• PROVIDED DATA:
·····
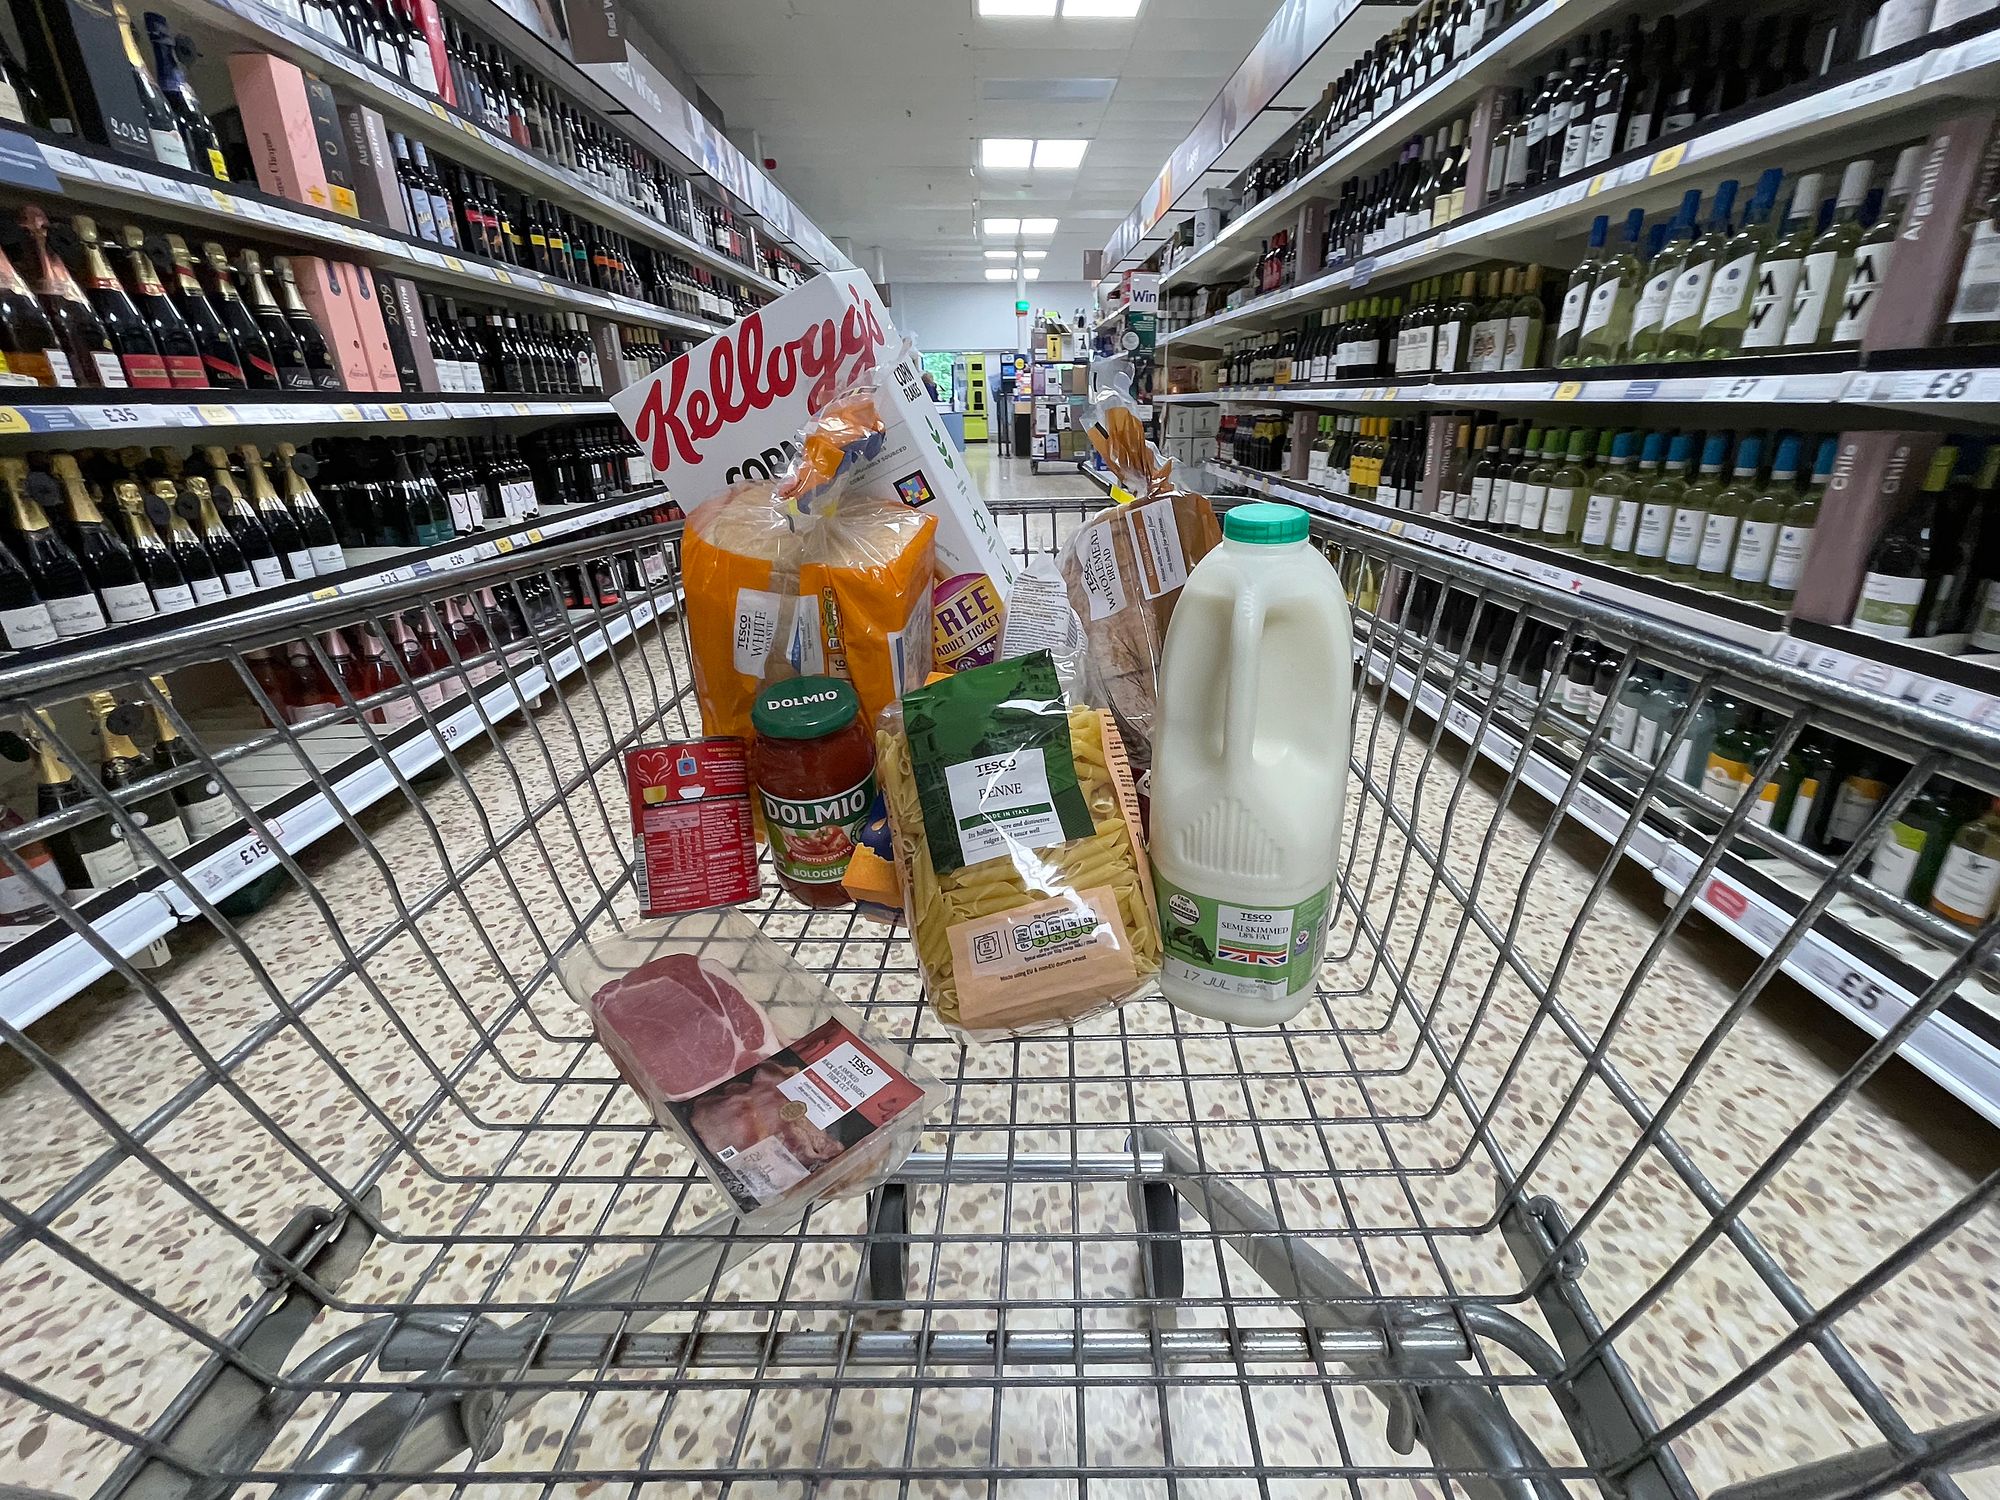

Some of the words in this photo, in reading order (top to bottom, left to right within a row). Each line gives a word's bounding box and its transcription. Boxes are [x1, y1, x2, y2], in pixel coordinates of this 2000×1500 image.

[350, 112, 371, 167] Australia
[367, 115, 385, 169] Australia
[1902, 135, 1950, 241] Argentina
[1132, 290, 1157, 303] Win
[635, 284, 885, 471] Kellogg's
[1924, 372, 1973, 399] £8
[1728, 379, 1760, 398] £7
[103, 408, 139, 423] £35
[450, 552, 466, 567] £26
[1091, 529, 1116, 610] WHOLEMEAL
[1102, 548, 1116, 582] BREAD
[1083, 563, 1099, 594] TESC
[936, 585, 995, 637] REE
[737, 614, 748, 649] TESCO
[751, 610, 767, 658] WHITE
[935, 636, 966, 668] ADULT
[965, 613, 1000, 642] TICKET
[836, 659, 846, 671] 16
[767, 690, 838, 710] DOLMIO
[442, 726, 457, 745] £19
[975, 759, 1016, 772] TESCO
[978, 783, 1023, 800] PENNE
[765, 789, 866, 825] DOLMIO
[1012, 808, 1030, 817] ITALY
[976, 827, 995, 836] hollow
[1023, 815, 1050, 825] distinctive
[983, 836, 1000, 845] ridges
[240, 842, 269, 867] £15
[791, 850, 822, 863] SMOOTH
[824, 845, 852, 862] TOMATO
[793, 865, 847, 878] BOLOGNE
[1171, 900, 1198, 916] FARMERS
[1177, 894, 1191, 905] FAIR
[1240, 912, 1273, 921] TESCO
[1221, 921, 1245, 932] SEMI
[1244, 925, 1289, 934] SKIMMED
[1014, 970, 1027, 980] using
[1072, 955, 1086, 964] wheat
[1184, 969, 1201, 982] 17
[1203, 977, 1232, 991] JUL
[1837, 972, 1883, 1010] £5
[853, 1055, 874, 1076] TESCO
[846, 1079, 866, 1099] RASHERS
·····
• TASK TO CARRY OUT:
Your answer must be a single number: the count of lines above that contain the string "TESCO".

• ANSWER TO THE PROBLEM:
4